Is a good bet the mold came because the air has been damp and not enough bees to circulate air thru the hive. What was the temp when you opened the hive to add the honey frames and how long was the hive open. Doubt full they swarmed probably didn't like the rush of cold air and just left absconded. 

You use any treatment in the hive? if not then should be safe to use the honey.

 Al


----------



## Lauri (Sep 20, 2008)

Temp was in the mid 40's, the hive was open for less than 5 minutes. I worked carefully, but fast, knowing that I only needed to replace the 2 frames on each end, of the top super only.

I assumed, incorrectly, that if the bees were out and about, that is was OK to open the hive?

So there was no problem putting in full frames from the other Hive?


I didn't use any treatments. Each hive looked good all summer...no mites, wax moths, etc.
Though one hive was stronger.


----------



## ed/La (Feb 26, 2009)

They would not swarm or abscond @ 40 degrees. No where to go. They can handle cold but not cold and damp. . They were probably just weak or environmental issues. I combined a few weak hives and seems to be working. Perhaps that would have been best option for you. A lot of bees do not over winter. Easy to loose 1/2 your hives in a winter. Do not let it bother you it just happens. We had fall drought so bad fall flow with bad summer flow. I expect to loose 30 percent. have 18 and hope 12 make it. Our spring bee season is around March 1 in the south. Be ready for spring swarm season and catch as many as you can. It is fun and easy. I hope to catch 30 this spring.


----------



## alleyyooper (Apr 22, 2005)

Reread the post. Not many dead bees seen.
Also opened the hive at 40 degrees and the bees were active then too.

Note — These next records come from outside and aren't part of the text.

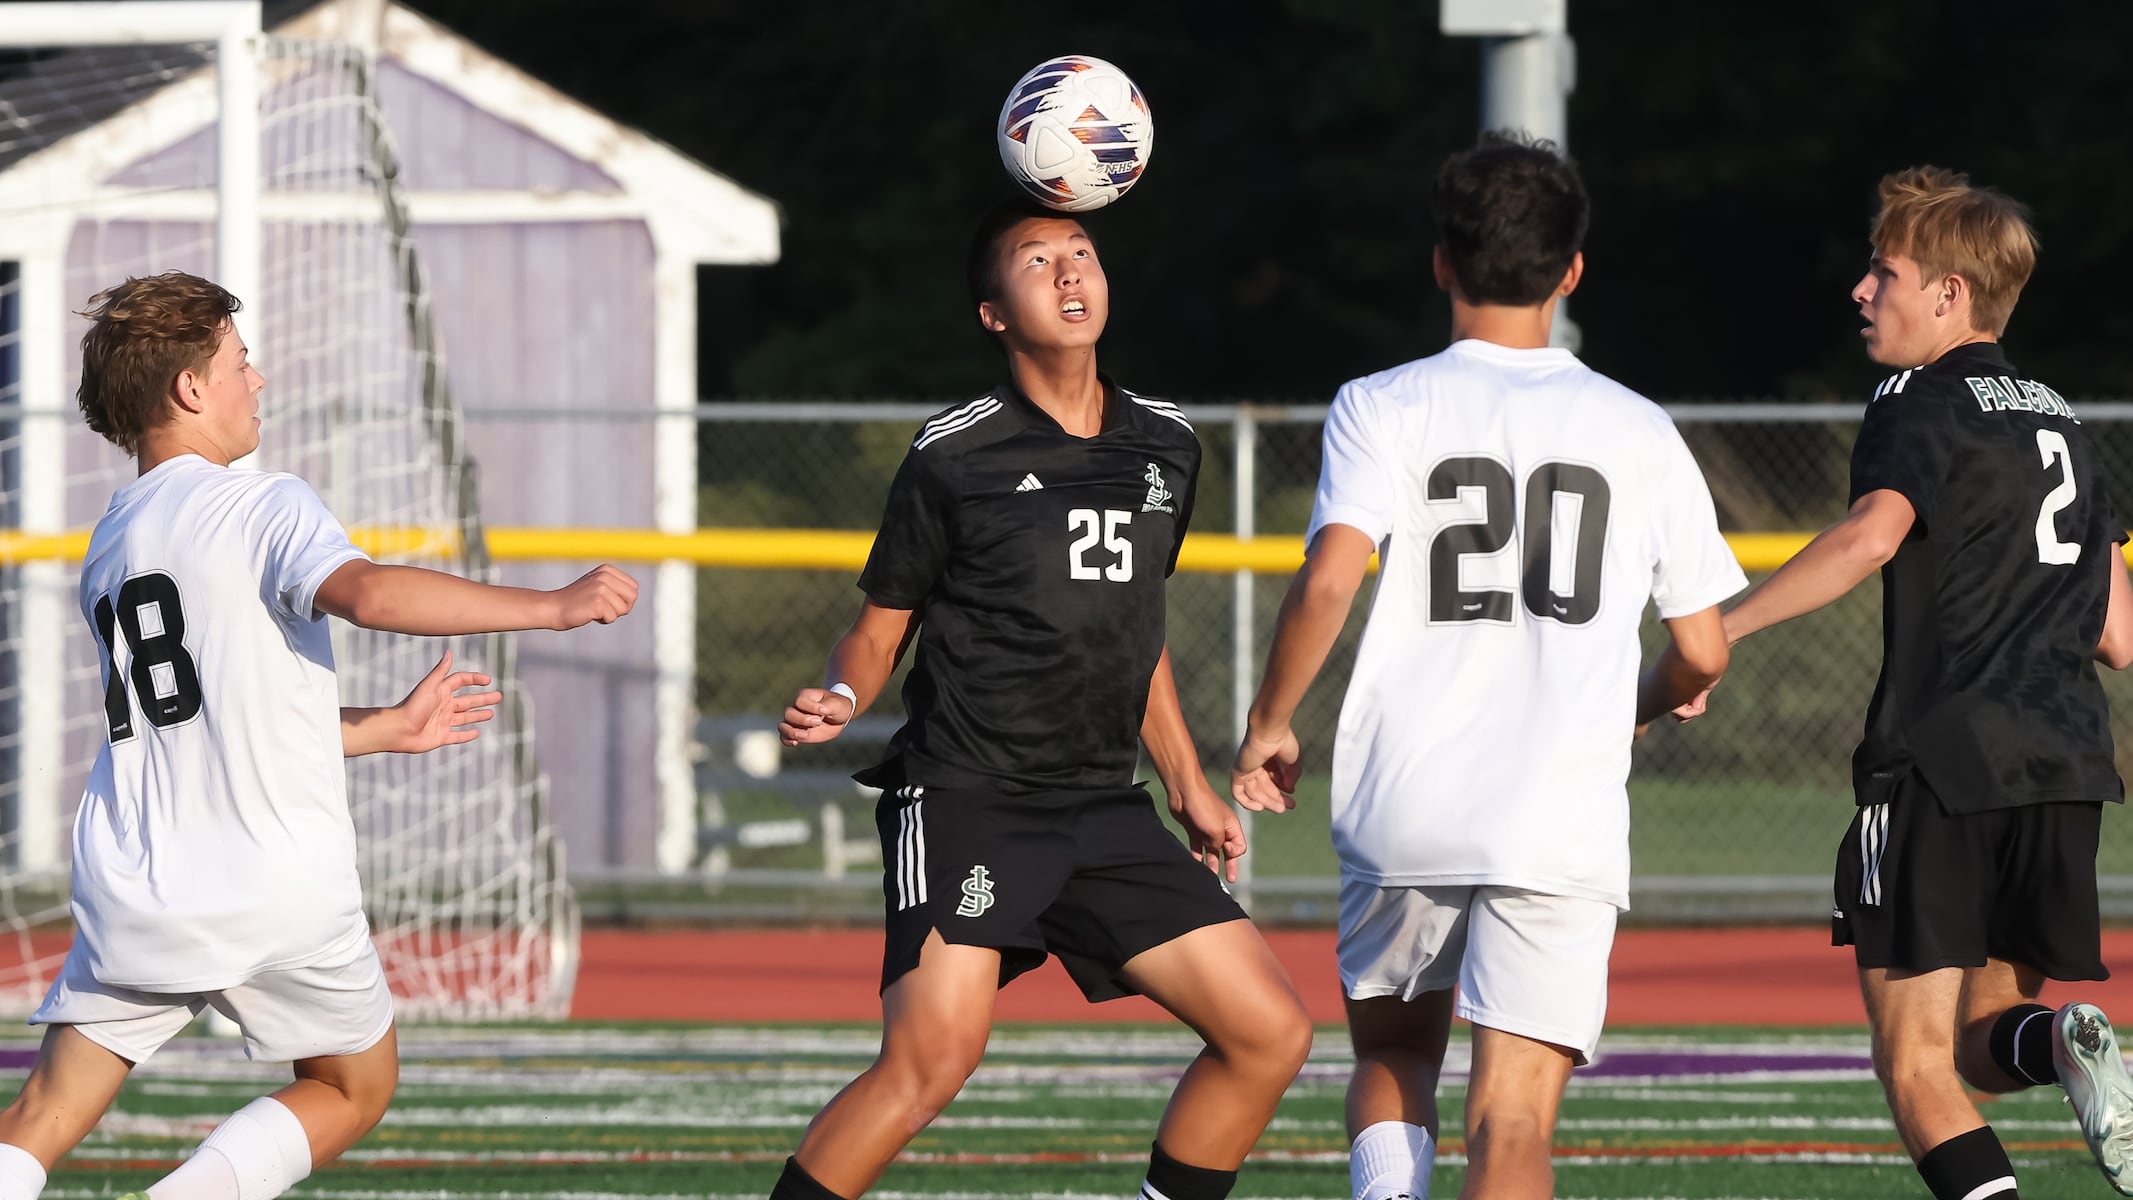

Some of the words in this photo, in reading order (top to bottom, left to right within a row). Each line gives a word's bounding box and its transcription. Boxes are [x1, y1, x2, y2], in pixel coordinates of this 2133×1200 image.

[1104, 161, 1133, 173] NFHS
[1965, 376, 2081, 425] FALCON
[1068, 508, 1133, 582] 25
[1424, 452, 1612, 628] 20
[2035, 428, 2082, 565] 2
[93, 568, 203, 747] 18

I have had bees flying about going potty on a bright sunny 19 degree day. 

Very well could have absconded. they also normally have no place to go when they swarm during swarm season.

 Al


----------



## Lauri (Sep 20, 2008)

Disappointing, especially considering I may have been the culprit. 


Al, you said the honey should be able to be used, since I had not used any treatment in the hives.
Any suggestions as to how to handle them, during smash and strain, as to not mixing the mold with the Honey?

I also see you are from MI, any recommendations as to "bee classes" in the south part of the state? I see i'my gonna need them.


----------



## alleyyooper (Apr 22, 2005)

Use boiling water to make a hot knife cut the mold away and then smash the comb and strain it.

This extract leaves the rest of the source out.